Il tratto degli epigrammi si mostra sicuro, spesso, strettamente concatenato all’incredibilità della parola poetica e alla (poca) credibilità dell’esistenza.
Il passato si rinvigorisce nelle dediche in esergo o nei testi (alla figlia, alle amiche, alla madre, a Roma) e rifunzionalizza i gesti del presente, pure senza ammodernare le immagini provenienti da tempi andati.
La relazione umana è riconosciuta come centrale nell’ecosistema della vita, al di là del preciso ruolo e della funzione (amori, amicizie, parentele): la cura è reciproca conoscenza e «sapienza dell’affondo». Immediato, a questa altezza, appare il passaggio dal dialogo al monologo interiore.
È proprio nella relazione affettiva che avviene il reciproco riconoscimento come «bestia cauta», avvezza all’abrasione, alla non compostezza delle cose. Per questa via, si autorizza l’identificazione, l’esposizione piena all’estremo gesto («ti mostro lo scheletro») delle «tregue disperate». L’«odore familiare» è una consapevolezza feroce e necessaria. Esiste, nella corrispondenza degli affetti, una radice mortale, letale, di abnegazione ed estasi, purché si mantenga vicinanza, «il tuo profilo di lato al mio».

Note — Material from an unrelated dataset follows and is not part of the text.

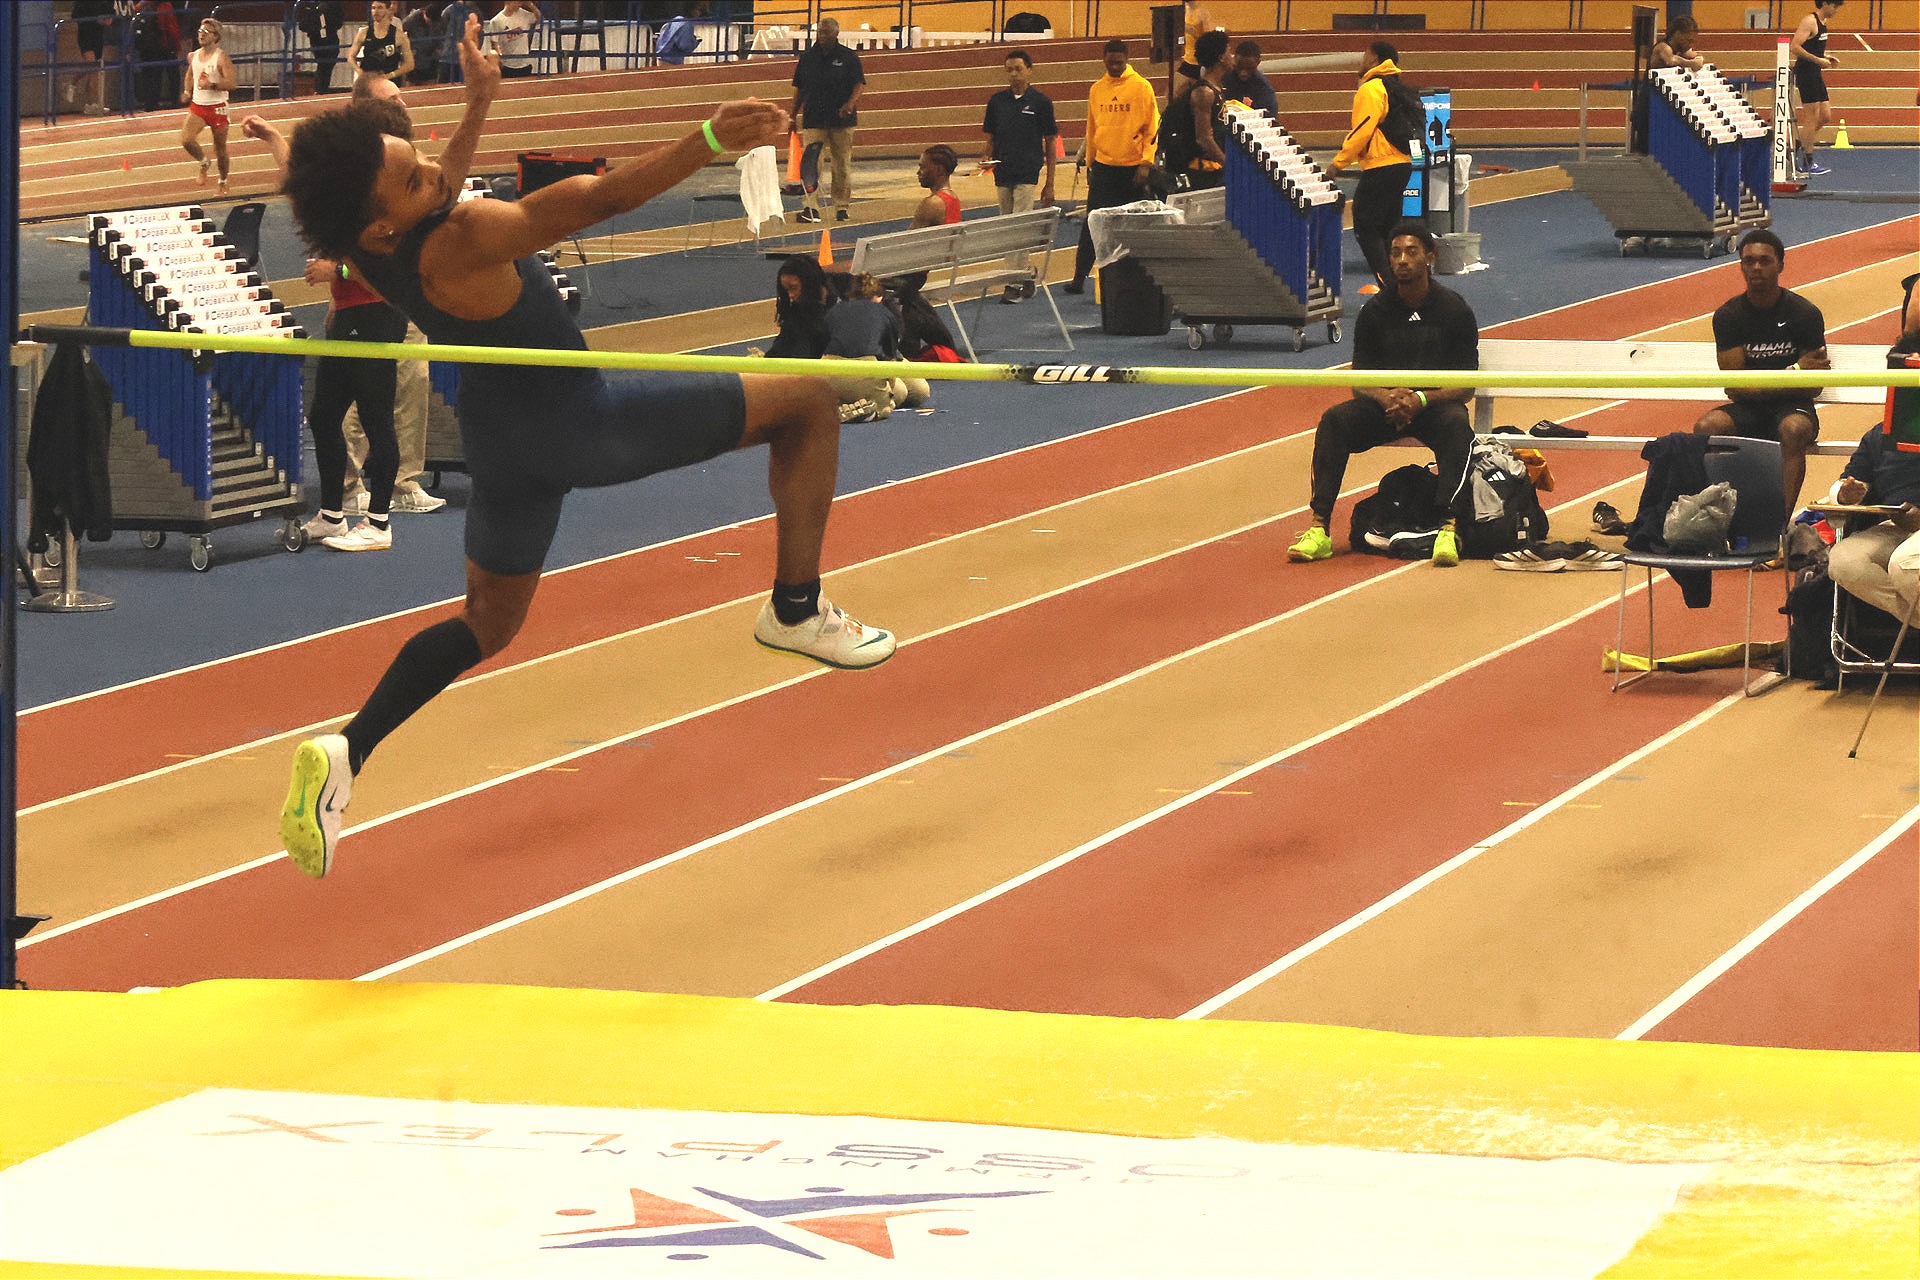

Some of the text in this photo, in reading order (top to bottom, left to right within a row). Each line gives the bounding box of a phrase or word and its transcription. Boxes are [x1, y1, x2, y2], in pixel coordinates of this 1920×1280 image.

Affiora, smisurata, la provvisorietà delle cose, annacqua i segni, confonde i confini. «Sono singolare» è una controtendenza dell’io poetante all’indistinto, alla pluralità tanto osannata nella società di oggi ma non sempre fisiologica.
I testi sono gremiti di piccoli e grandi moti, di azioni simboliche che ineriscono agli spazi, ai suoni, alla vista. Il corpo è sempre il nucleo attivo delle scene anche quando non è nominato ed è solo alluso attraverso le sue singole parti, talvolta ricorsive come la schiena della quale si è già accennato, la bocca, il volto, la gola.
Gli accostamenti semantici, che non raggiungono lo shock della brusca separazione tra testo e realtà, incarnano e confermano la cifra stilistica di Cicci, eclettica e personalissima, in cui si convogliano echi di importanti scritture femminili (la Plath più severa, la Merini meno assertiva, la Adrienne Rich della femminilità plurale, la Atwood intimista) che, però non si vanno mai a sovrapporre alla voce autoriale.
Il tono, pur essendo sempre molto intimo e confidenziale non è mai del tutto confessionale: pur tenendo bene a mente che la poesia confessionale non è un’esternazione privata ma contiene una radice vivacemente sociale ed estroflessa, la poesia di Cicci appare fondata su un’esperienza direttamente vissuta come collettiva o comunicabile, e non inizialmente solo personale.
La reazione al degrado sociale e alle storture comportamentali è una costante di queste poesie («mentre eretici chiamate amore / così tante cose // anche me») ma senza nessun atteggiamento di superiorità bensì di totale immersione nel dolore per ciò che non si può accettare e nello straniamento causato dagli habitus che hanno disperso l’umanità nell’abitudine alla sopravvivenza: «sola sono tutta mia».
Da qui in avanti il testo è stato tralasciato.